By changing the composition of the fat used in the production of cheese, we are able to affect the consistency and flavour of the cheese. The way in which we do this is to increase the proportion of oleic acid in the triglycerides. It is vital that this change takes place without any decrease in the proportion of short and intermediate fatty acids. To obtain the adapted fat for different cheeses, different ratios are used between original butterfat and fractions that are added to increase the oleic acid content. We also affect the consistency and flavour development in the cheese by controlling the emulsification of the fat, both as regards the size of the fat globules and as regards the medium that is used to emulsify the fat.

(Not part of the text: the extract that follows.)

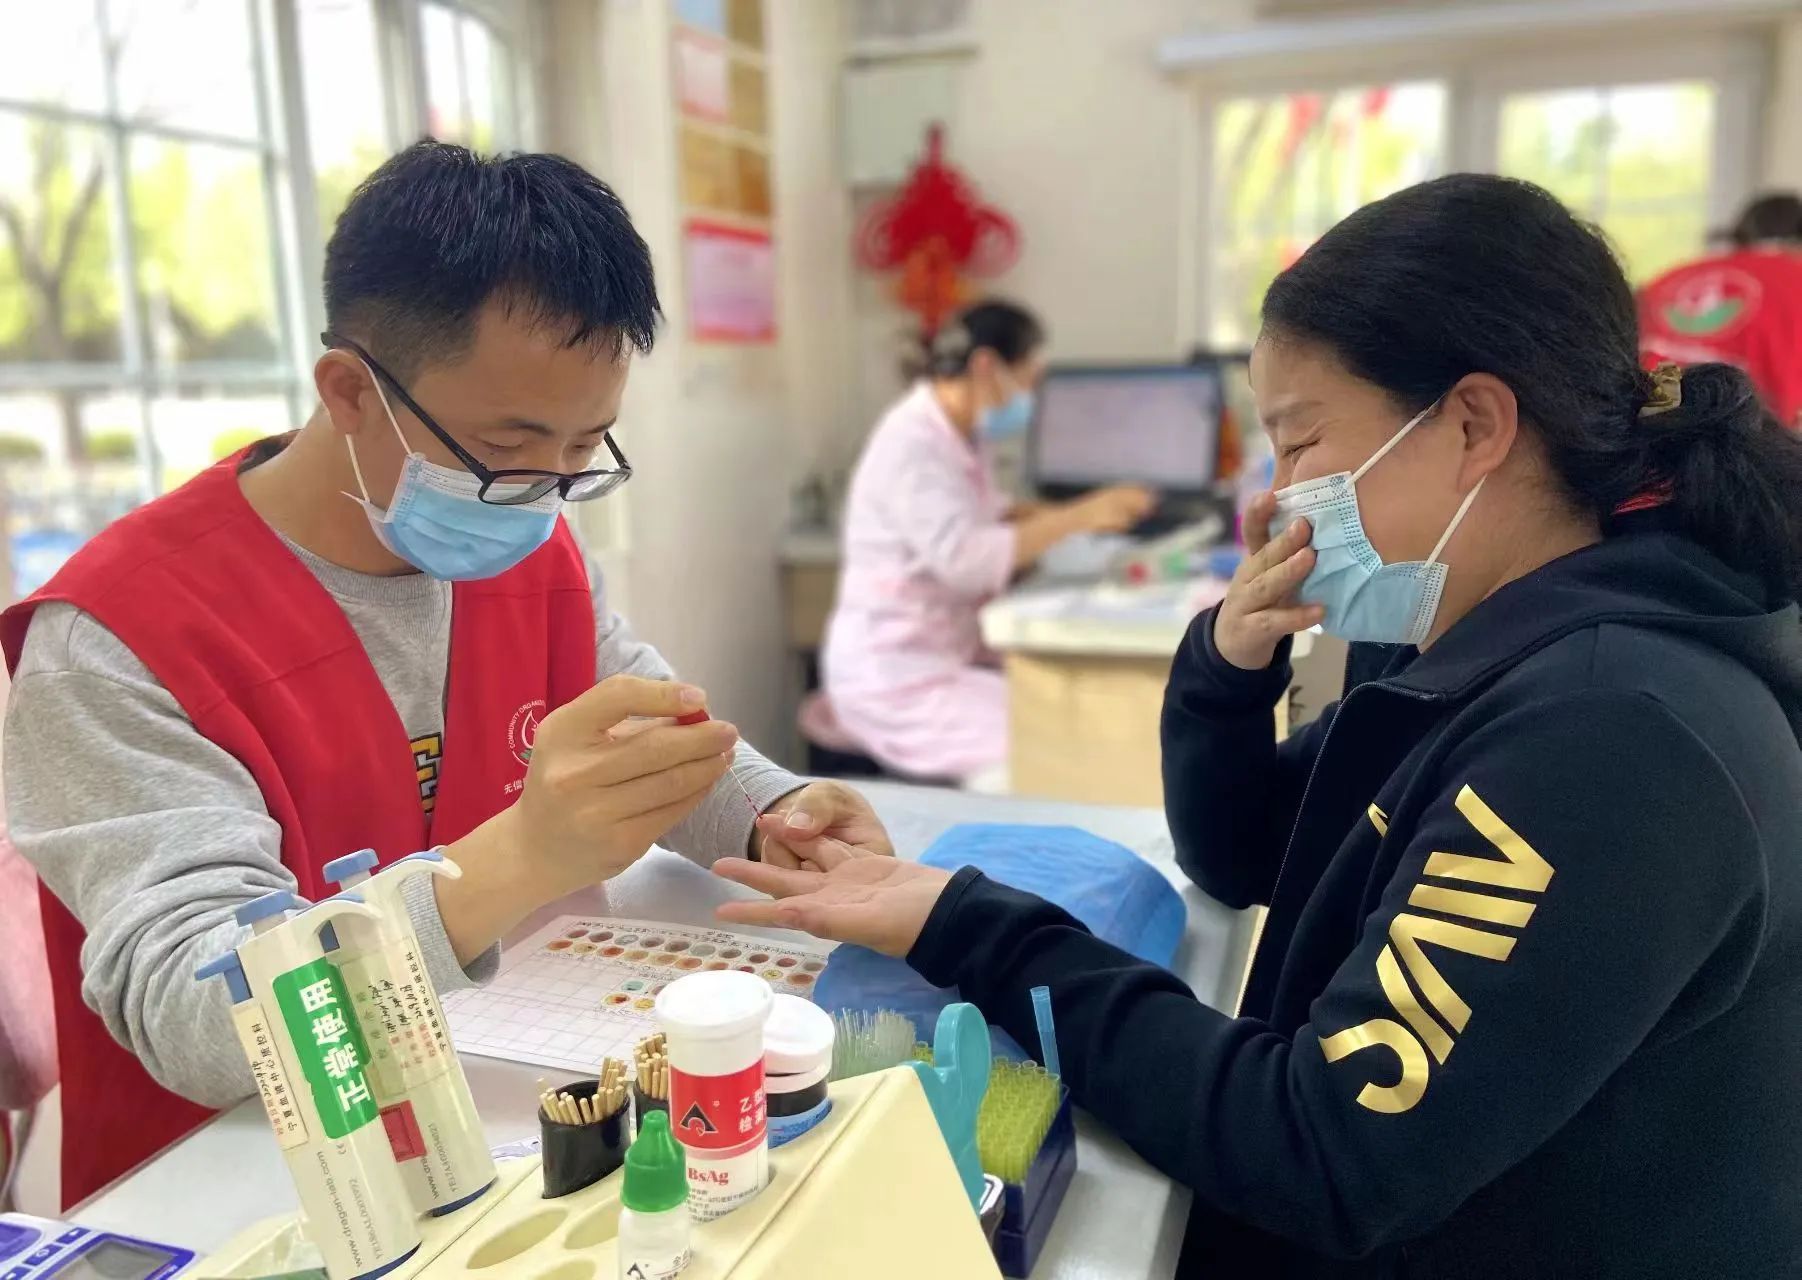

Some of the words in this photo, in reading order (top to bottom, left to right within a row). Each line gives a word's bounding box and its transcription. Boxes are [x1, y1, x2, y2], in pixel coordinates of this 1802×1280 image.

The invention will be explained in more detail below by means of an example. The example discloses only an embodiment of the present invention, and the invention is therefore not limited to what is given in the example.

Making a lean Swiss type cheese (17% fat in DM) where parts of the butterfat are replaced by a low-melting fraction of butterfat (olein fraction) and free oleic acid.

The olein fraction and the free oleic acid are emulsified in skimmed milk by homogenisation under the conditions of 60 bar and 50°C. The mixture is then pasteurised and added to the cheese milk which has been skimmed and pasteurised beforehand.

The cheese milk should contain 1.5% fat. The fat composition of the cheese milk: 0.2% butterfat, 0.3% oleic acid and 1.0% olein fraction.

The actual cheese making and ripening of the cheese follows conventional technology for making Swiss cheeses.

Table 1. The content of propionic acid bacteria, lactobacilli and lactococci in three-month old lean Swiss cheese with different fat compositions.

Table 2. Content of organic acids in three-month old lean Swiss cheese with different fat compositions

b)

Figure 1: Electron microscopy images of areas in cheese with a thread-like texture.

Figure 2. SEM images of bacteria and extracellular material formed when lactobacilli are cultured in MRS broth with oleic acid added to it.

Figure 3: Light microscopy images of PAS-stained bacteria and extracellular material from the culturing of bacteria in MRS under the influence of oleic acid.